Commonly reported side effects at studied doses: nausea, mild GI discomfort, flushing (more common with higher-dose NR at 1,000–2,000 mg/day), headache, fatigue. Most resolve with continued use or dose reduction.
Long-term safety: not well-characterized in published evidence. The longest published RCTs of NR supplementation are 12 weeks (Dollerup 2018); the longest NMN RCTs are 10 weeks (Yoshino M 2021). Multi-year safety, cumulative dose effects, and rare adverse events that emerge only in larger populations or over years are not addressed by current evidence.
Drug interactions: no specific NMN/NR drug interactions have been documented in peer-reviewed published evidence. NAD+ precursors do not appear to inhibit major CYP450 enzymes at studied doses. However, the relative paucity of interaction studies means the absence of evidence is not evidence of absence. Patients on any prescription medication should discuss NAD+ supplementation with their prescribing clinician before starting.

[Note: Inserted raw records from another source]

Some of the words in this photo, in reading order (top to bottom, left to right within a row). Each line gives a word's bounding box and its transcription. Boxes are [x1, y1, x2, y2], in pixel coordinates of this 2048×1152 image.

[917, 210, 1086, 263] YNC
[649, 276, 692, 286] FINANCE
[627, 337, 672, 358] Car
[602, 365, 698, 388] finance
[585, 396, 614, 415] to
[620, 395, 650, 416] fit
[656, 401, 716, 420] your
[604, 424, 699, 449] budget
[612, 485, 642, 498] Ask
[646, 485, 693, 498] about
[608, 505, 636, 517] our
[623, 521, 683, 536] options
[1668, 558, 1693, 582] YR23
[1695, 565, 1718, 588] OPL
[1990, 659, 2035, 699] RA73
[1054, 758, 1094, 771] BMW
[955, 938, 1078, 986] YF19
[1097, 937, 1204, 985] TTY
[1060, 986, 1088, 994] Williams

Theoretical concerns warranting caution:
- Cancer history: NAD+ supports PARP-mediated DNA repair, which is generally beneficial but is also a target of cancer chemotherapy (PARP inhibitors). Patients with active cancer or recent cancer history should defer NAD+ supplementation pending oncologist guidance.

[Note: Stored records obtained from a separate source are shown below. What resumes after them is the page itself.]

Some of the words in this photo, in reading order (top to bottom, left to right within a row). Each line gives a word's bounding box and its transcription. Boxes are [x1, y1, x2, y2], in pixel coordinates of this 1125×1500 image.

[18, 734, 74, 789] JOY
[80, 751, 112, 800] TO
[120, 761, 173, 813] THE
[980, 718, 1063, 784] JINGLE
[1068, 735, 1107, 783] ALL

- Pregnancy and breastfeeding: safety in pregnancy is not established. Avoid.
- Kidney disease: niacin and high-dose nicotinamide are metabolized through pathways relevant to renal clearance. Patients with significant CKD should discuss with nephrology before high-dose NAD+ precursor use.
IV NAD+ safety: generally tolerated when infused slowly. Common infusion-related effects: nausea, chest pressure, abdominal cramping, flushing, lightheadedness, anxiety. Managed by slowing the infusion rate. Rare serious adverse events have been reported in case literature. Compounded IV NAD+ preparations sit in a regulatory gray zone with less FDA oversight than FDA-approved drugs — sterility, dose accuracy, and lot-to-lot variation depend on the specific compounding pharmacy.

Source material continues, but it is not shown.